Tuesday, February 23, 2010

Frustrations (Not the Fun Kind)

It does seem to me that with every topic I study from prostitution to climate change to transnationalism to toxic waste to education to children labeled as sex offenders and beyond, that no matter what the topic, I feel as though I'm getting too bogged down into the details and attacking a symptom to understand how it works. It's a very top-down approach, when what I want to be discovering is the heart of the cause of these symptoms, and the rhythm at which it beats. Again and again within the anthropological discourse from every class and research project, I've found at least one author (and usually many more than one) among the readings who lament the lack of inter- and intra-discipline discourse that shares the findings of a particular nuance within one of those segments of the larger picture. As I read, I feel as though I am being given one puzzle piece at a time for a jigsaw puzzle with over a billion parts. Somehow I get the feeling that even if I had all the pieces and hundreds of people to help me assemble the great picture, the image itself would distort the true workings going on beneath the cardboard backing.

Even if these three narrowed topics I've chosen could be selected from either through coin toss or long deliberation, I can't help feeling that if I were to spend years of my life focused on only one of them, my efforts would be wasted. There is a greater dialogue that needs to be happening that has some potential to reshape the ways in which we operate as a society. If I think locally, is there a place where I could best target that which is a smaller form of the greater cause? Would I recognize it if I saw its face?

We talk within academia about capitalism in terms of it as a corrupt system, but never use the word corrupt. Are we so frightened by what happened during the Red Scare to voice the problems inherent in this particular system? This is not to say that other models of governance and societal structures have been without their problems. Socialism is a nice idea in theory, but so is democracy.
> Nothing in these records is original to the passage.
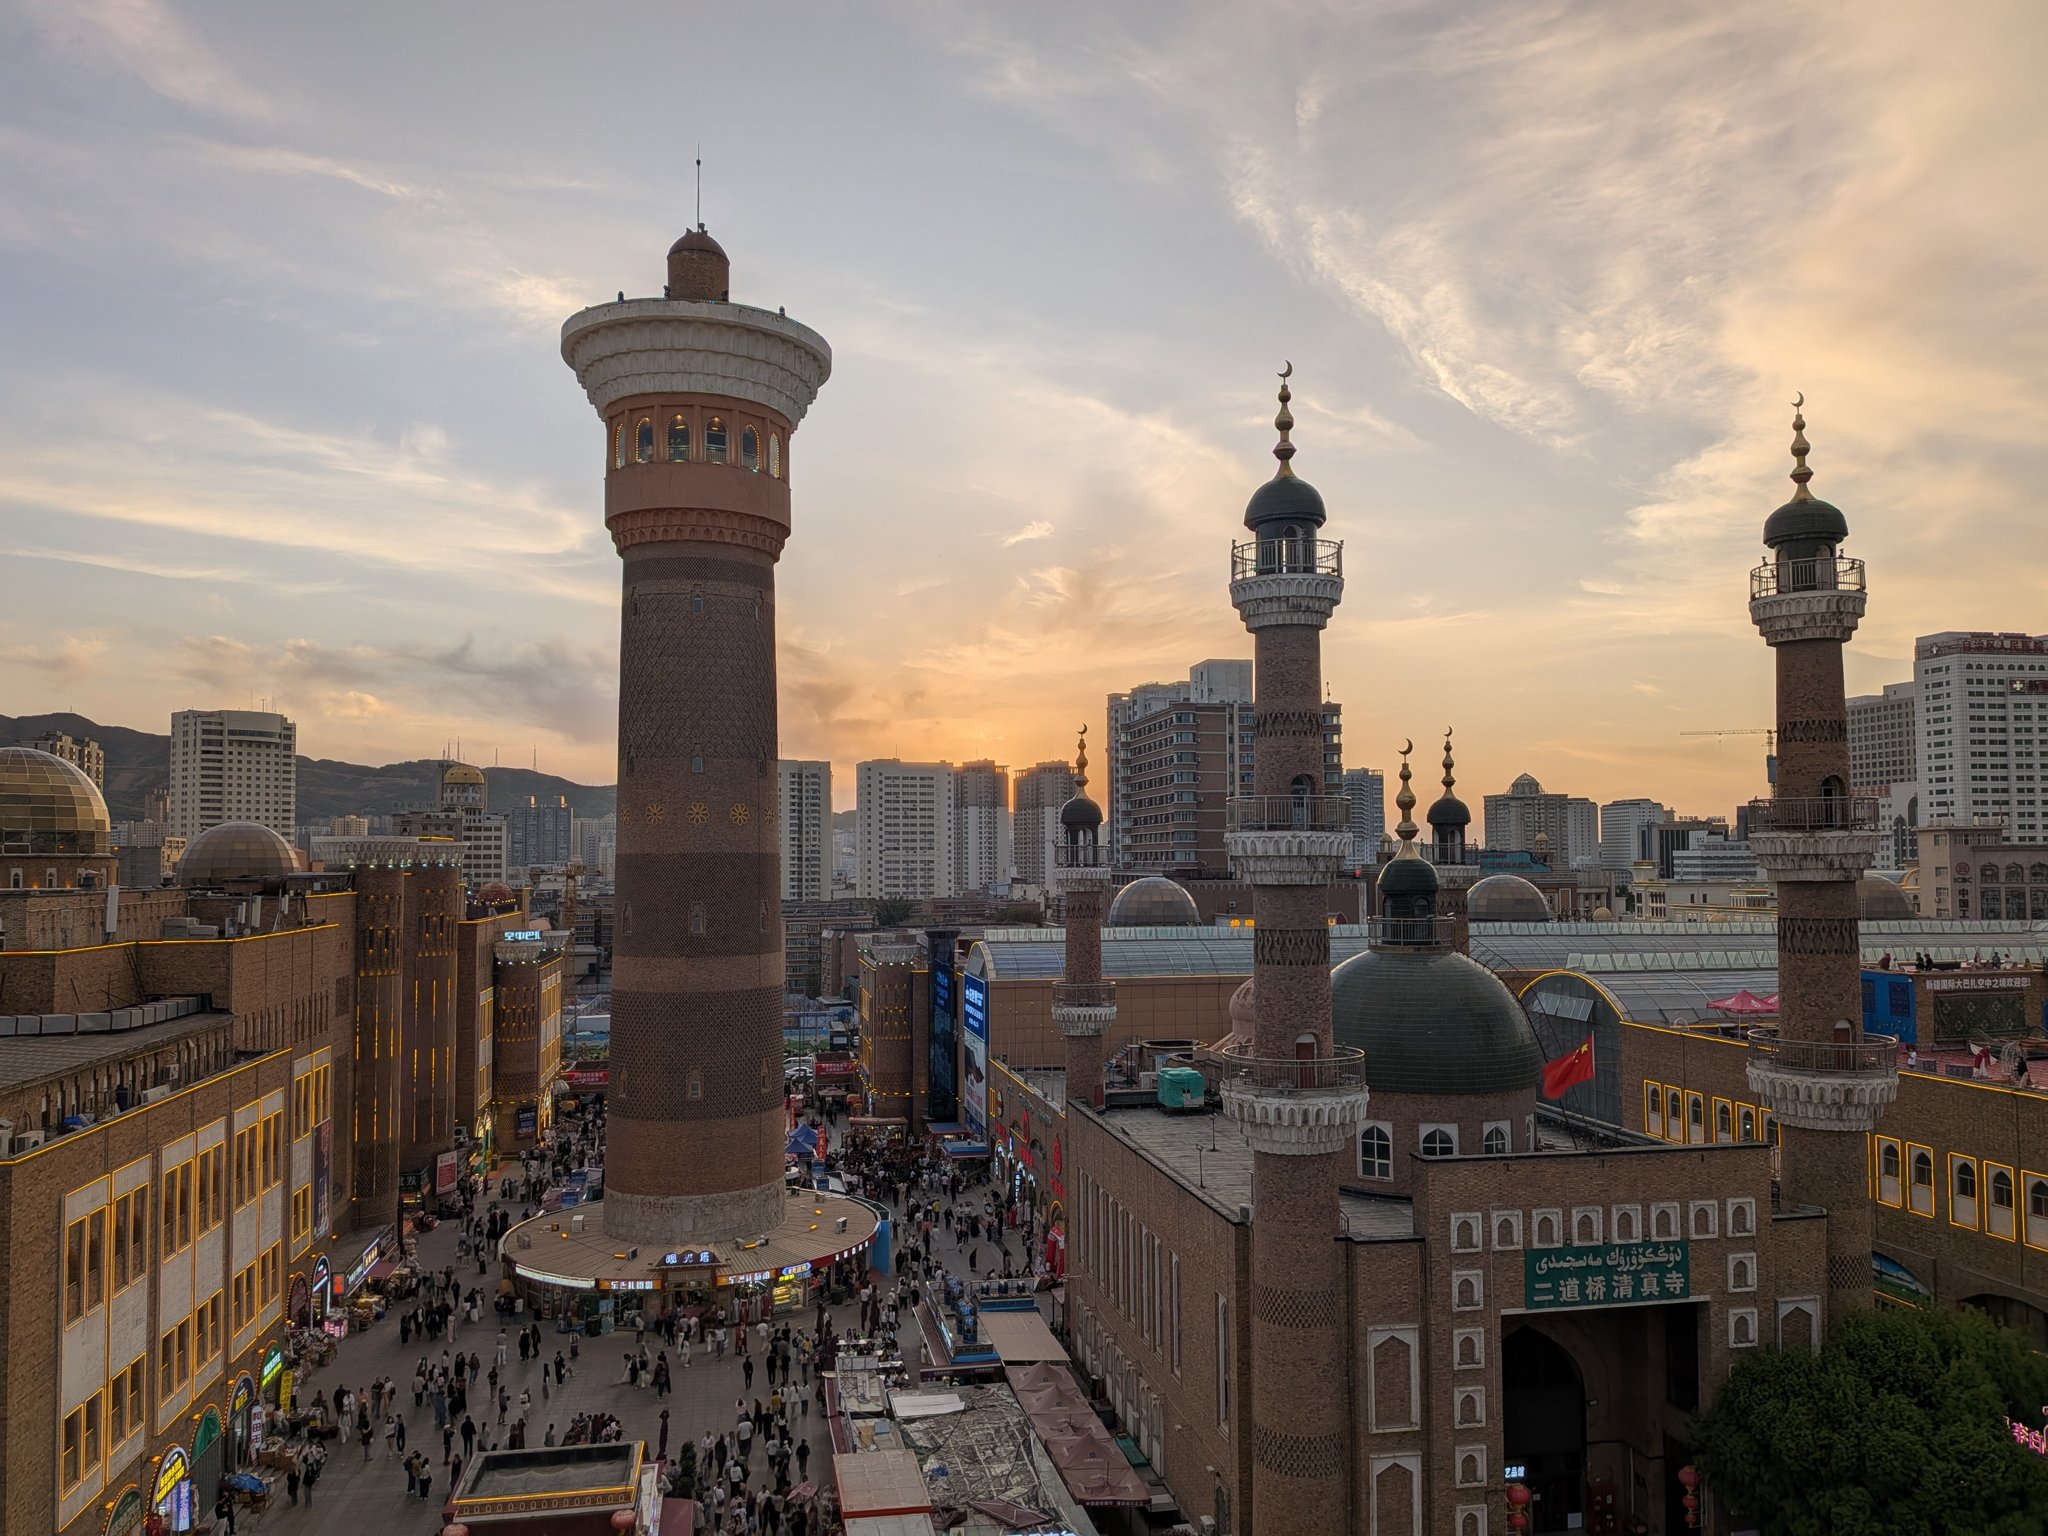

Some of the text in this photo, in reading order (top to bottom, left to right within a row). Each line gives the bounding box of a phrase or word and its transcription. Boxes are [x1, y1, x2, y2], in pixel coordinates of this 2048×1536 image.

[1533, 1270, 1685, 1303] 二道桥清真寺
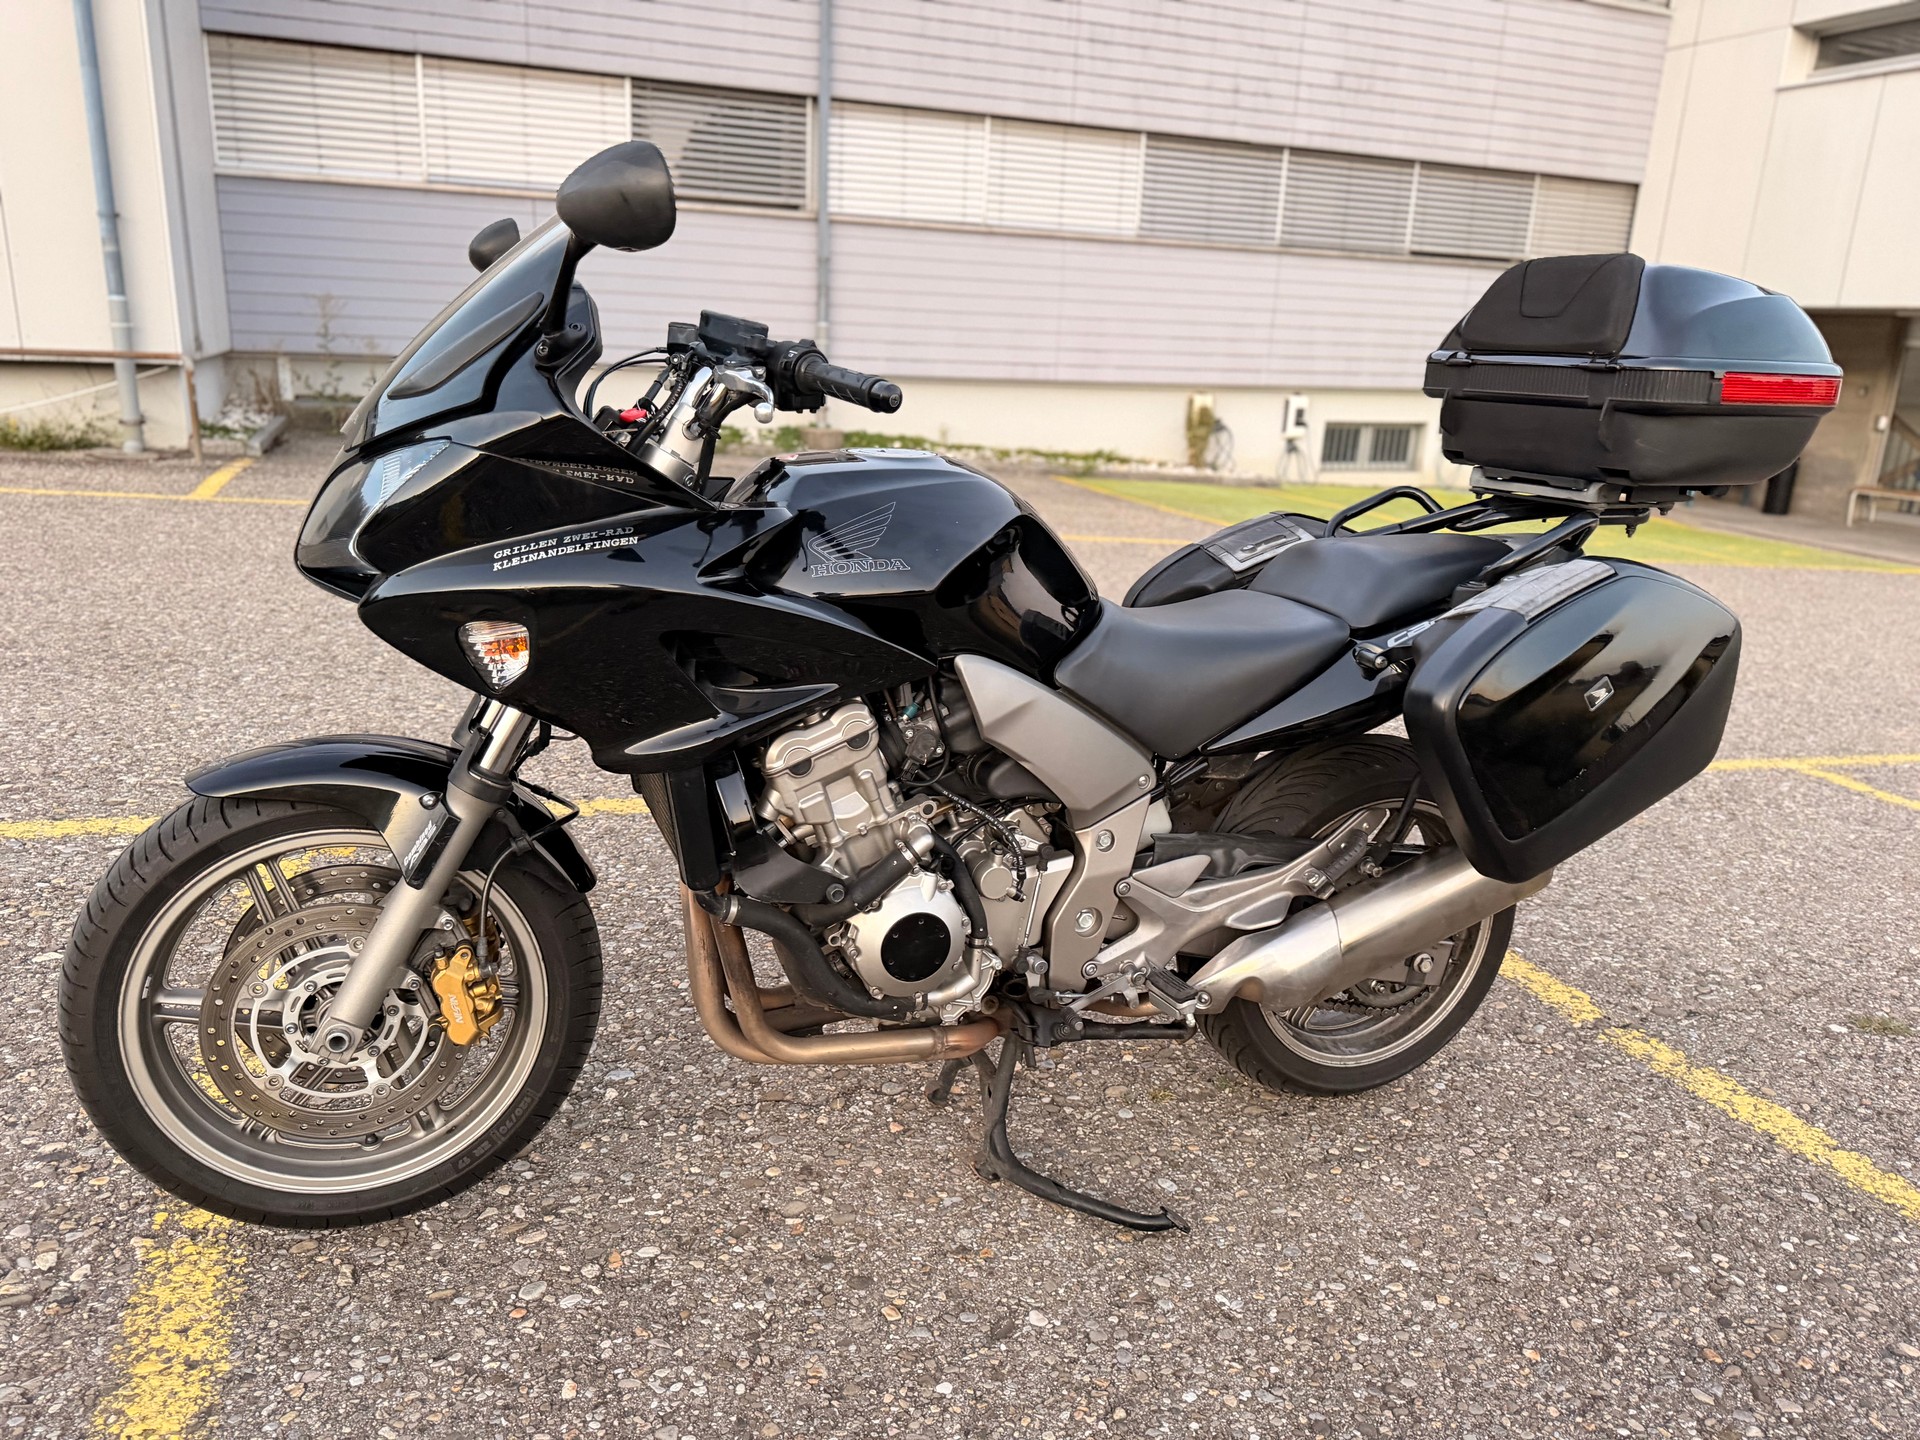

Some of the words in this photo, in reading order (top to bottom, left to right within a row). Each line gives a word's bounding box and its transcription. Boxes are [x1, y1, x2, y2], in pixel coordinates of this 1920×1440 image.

[492, 536, 639, 572] KLEINANDELFINGEN
[493, 538, 558, 559] GRILLEN
[563, 526, 635, 544] ZWEI-RAD
[811, 559, 911, 577] HONDA
Then again, we use capitalism as the scapegoat even if we are unable to fully frame it in those terms. While the system itself is inherently corrupt, drawing on our instincts for competition and sexual dominance/fitness, and only works within an ever-expanding framework of growth that must create hierarchies of inequality and marginalization, are we not to blame, as a (mostly) global population for buying into it? (Pardon the pun.)

*sighs*

"Few serious attempts have been made to bring the literature together or even to follow-up on previous studies" wrote Davis and Whitten (1987: 88). While this was written over twenty years ago, and was specifically about research in human sexuality, it could very easily apply to almost any anthropological focus, or really, any true academic work. Not only do we fail as researchers to truly come together--in part, due to the competition inherent in academic fieldwork and the vying for grant and research funding--but we fail to take our discourse to a higher level and apply it. I wish I had the health, the stamina, and the mind to know how to accomplish this. Even if only on one topic within the larger scope of research, academic, public, or private. If I could manage to bring even a small group of minds together, discourse on an issue facing us as a society whether local, national, or global, and be able to work together to seek out the cause(s) and find reasonable, sustainable, real-world solutions, I would feel as though I had accomplished something.

After all, even switching to local, organic apples in schools, acts as the drop on the water that creates water to change the pond.